By Wolf Richter for WOLF STREET.

PSPC activity sets breathtaking records. A SPAC (Special Purpose Acquisition Company) is a “blank check company” with no business activity that raises funds from investors through an IPO and will then attempt to use those funds to purchase a start-up company. . For the startup, being bought out by a SPAC is an alternative to an IPO. There are fewer disclosures to be made than with a standard IPO. For Wall Street, there are huge costs to be incurred. And insiders, including those who start PSPCs, make tons of money. So all the basics are in place.

In 2020, a historic record of $ 83 billion was raised by PSPC, six times as much as in 2019 ($ 13.6 billion), according to data from PSPC Insider. That $ 83 billion was more than all the funds that PSPC had raised in all previous years combined, according to Dealogic, and it was blown by the $ 78 billion raised by standard IPOs in 2020, such as the IPO. on the Airbnb stock exchange. Everyone and their dog were starting PSPCs, from former House President Paul Ryan to former NBA star Shaquille O’Neal, chasing the hottest stories of the minute.

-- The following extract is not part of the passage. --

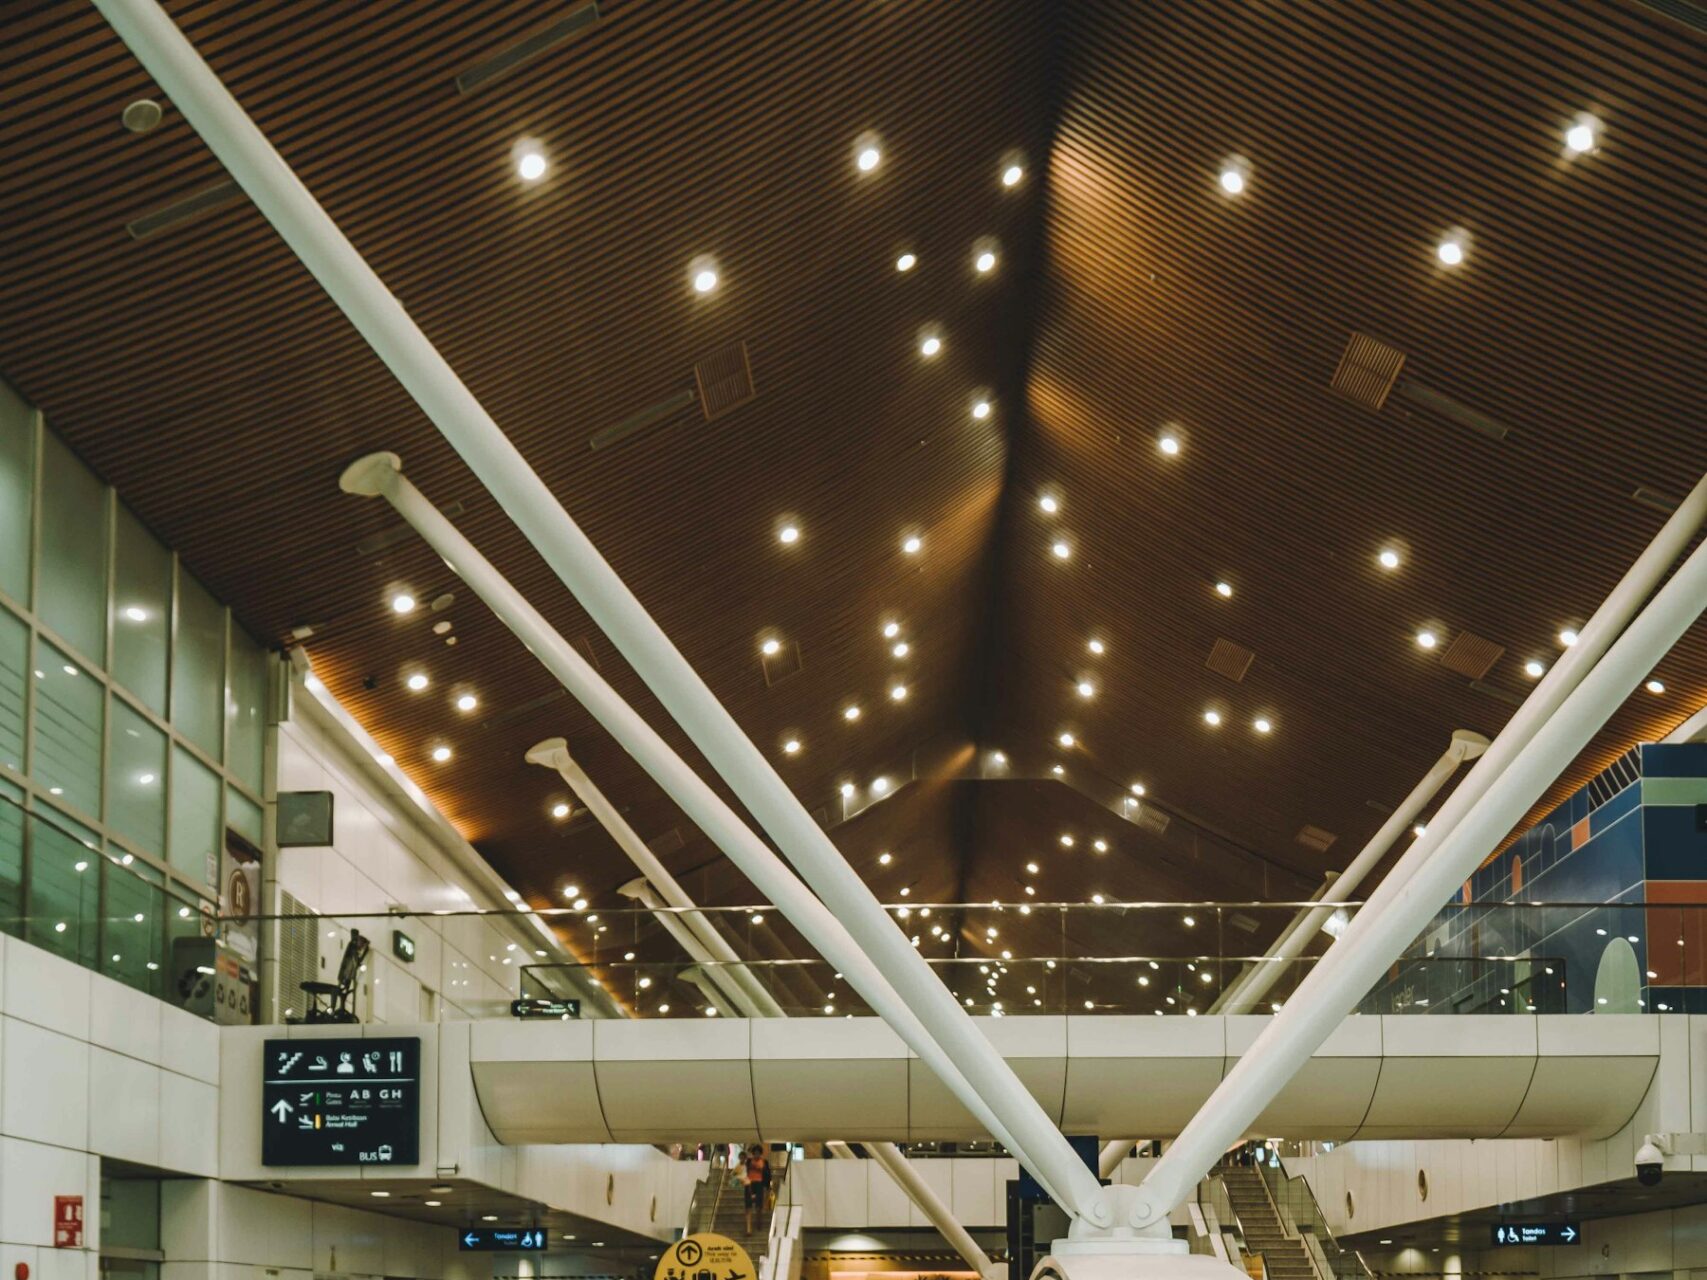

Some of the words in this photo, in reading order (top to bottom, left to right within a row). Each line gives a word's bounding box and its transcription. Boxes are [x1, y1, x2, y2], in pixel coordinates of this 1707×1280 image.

And in 2021, the SPAC mania accelerated even further. “If you don’t have your own PSPC, you are no one,” Peter Atwater, founder of Financial Insyghts, told The Wall Street Journal. In the first three weeks of 2021, there have already been 67 PSPCs, raising a total of $ 19 billion, more than for all of 2019:

A special blend of market exuberance, blind confidence that this exuberance will last forever, and total disdain for valuations is needed to create this kind of situation.

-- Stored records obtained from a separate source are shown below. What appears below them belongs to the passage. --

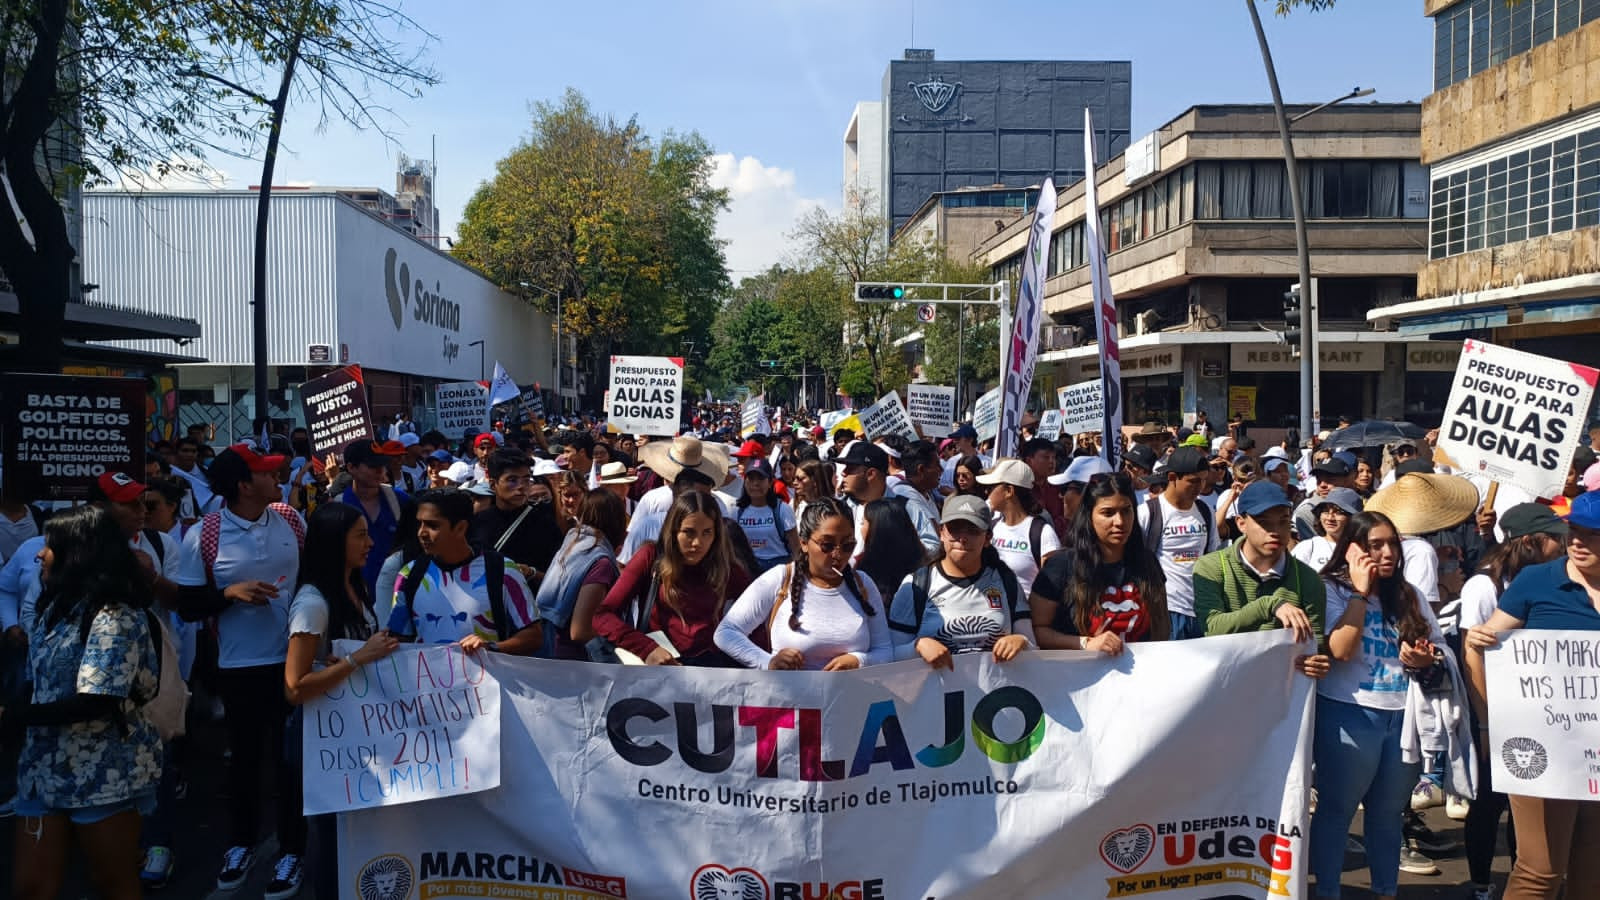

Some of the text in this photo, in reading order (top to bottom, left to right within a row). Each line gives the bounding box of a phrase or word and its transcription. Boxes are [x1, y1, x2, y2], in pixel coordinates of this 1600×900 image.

[414, 280, 460, 332] Soriana
[615, 366, 676, 376] PRESUPUESTO
[1468, 359, 1580, 397] PRESUPUESTO
[614, 377, 676, 387] DIGNO, PARA
[306, 381, 358, 406] PRESUPUESTO
[439, 388, 486, 399] LEONAS Y
[614, 388, 675, 404] AULAS
[1064, 384, 1101, 398] POR MÁS
[1462, 376, 1574, 416] DIGNO, PARA
[28, 394, 121, 409] BASTA DE
[316, 394, 352, 415] JUSTO.
[440, 399, 486, 408] LEONES EN
[1067, 402, 1104, 416] POR MÁS
[18, 410, 130, 425] GOLPETEOS
[311, 408, 362, 431] POR LAS AULAS
[440, 408, 486, 418] DEFENSA DE
[613, 404, 674, 420] DIGNAS
[864, 400, 898, 426] NI UN PASO
[884, 413, 894, 423] EN
[892, 407, 902, 416] LA
[910, 412, 950, 420] AUTONOMÍA
[1065, 412, 1104, 425] EDUCACIÓ
[1456, 395, 1566, 444] AULAS
[444, 418, 484, 428] LA UDEG
[22, 425, 126, 441] POLÍTICOS.
[314, 430, 330, 440] PARA
[315, 427, 366, 451] HIJAS E HIJOS
[18, 441, 29, 451] SÍ
[42, 444, 57, 452] LA
[60, 443, 130, 454] EDUCACIÓN,
[1448, 420, 1560, 470] DIGNAS
[18, 450, 130, 462] SÍ AL PRESUPUESTO
[42, 464, 106, 476] DIGNO
[1163, 525, 1208, 536] CUTLAJO
[1513, 639, 1548, 664] HOY
[1520, 676, 1554, 700] MIS
[317, 686, 489, 739] LO PROMETISTE
[1544, 704, 1598, 731] Soy una
[606, 685, 1047, 782] CUTLAJO
[392, 726, 454, 766] 2011
[638, 776, 1018, 814] Centro Universitario de Tlajomulco
[1157, 816, 1301, 838] EN DEFENSA DE LA
[1164, 830, 1292, 870] UdeG
[420, 852, 562, 886] MARCHA
[1116, 880, 1137, 893] Por
[1142, 878, 1156, 888] un
[1160, 872, 1190, 888] lugar
[1194, 870, 1222, 885] para
[1226, 868, 1248, 878] tus
[428, 884, 449, 896] Por
[455, 884, 483, 894] más
[487, 884, 539, 898] jóvenes
[544, 889, 560, 900] en

To see how much this PSPC mania has exploded this year, we can look at the dollars raised per week on average. It turns out that in 2021, $ 6.4 billion was raised per week, up from $ 1.6 billion per week in 2020. This is where we are so far:

There are currently 287 PSPCs, with roughly $ 90 billion in cash, now trying to drive out startups in the hottest industries right now, from all-EV to telehealth.

IPOs soar.

Shares after their IPO have soared from the March lows. The Renaissance IPO ETF [IPO], which tracks the Renaissance IPO Index, which includes the largest 80% of IPOs in the past two years, has climbed nearly 240% since March 18, totally blown away and leaving the S&P index in the dust 500, which is up 72% from the March low. This spike in the IPO index comes after it has spent the previous five years on roughly the same trajectory as the S&P 500 index (data via YCharts):

The fees for PSPCs and IPOs are a gold mine for Wall Street banks.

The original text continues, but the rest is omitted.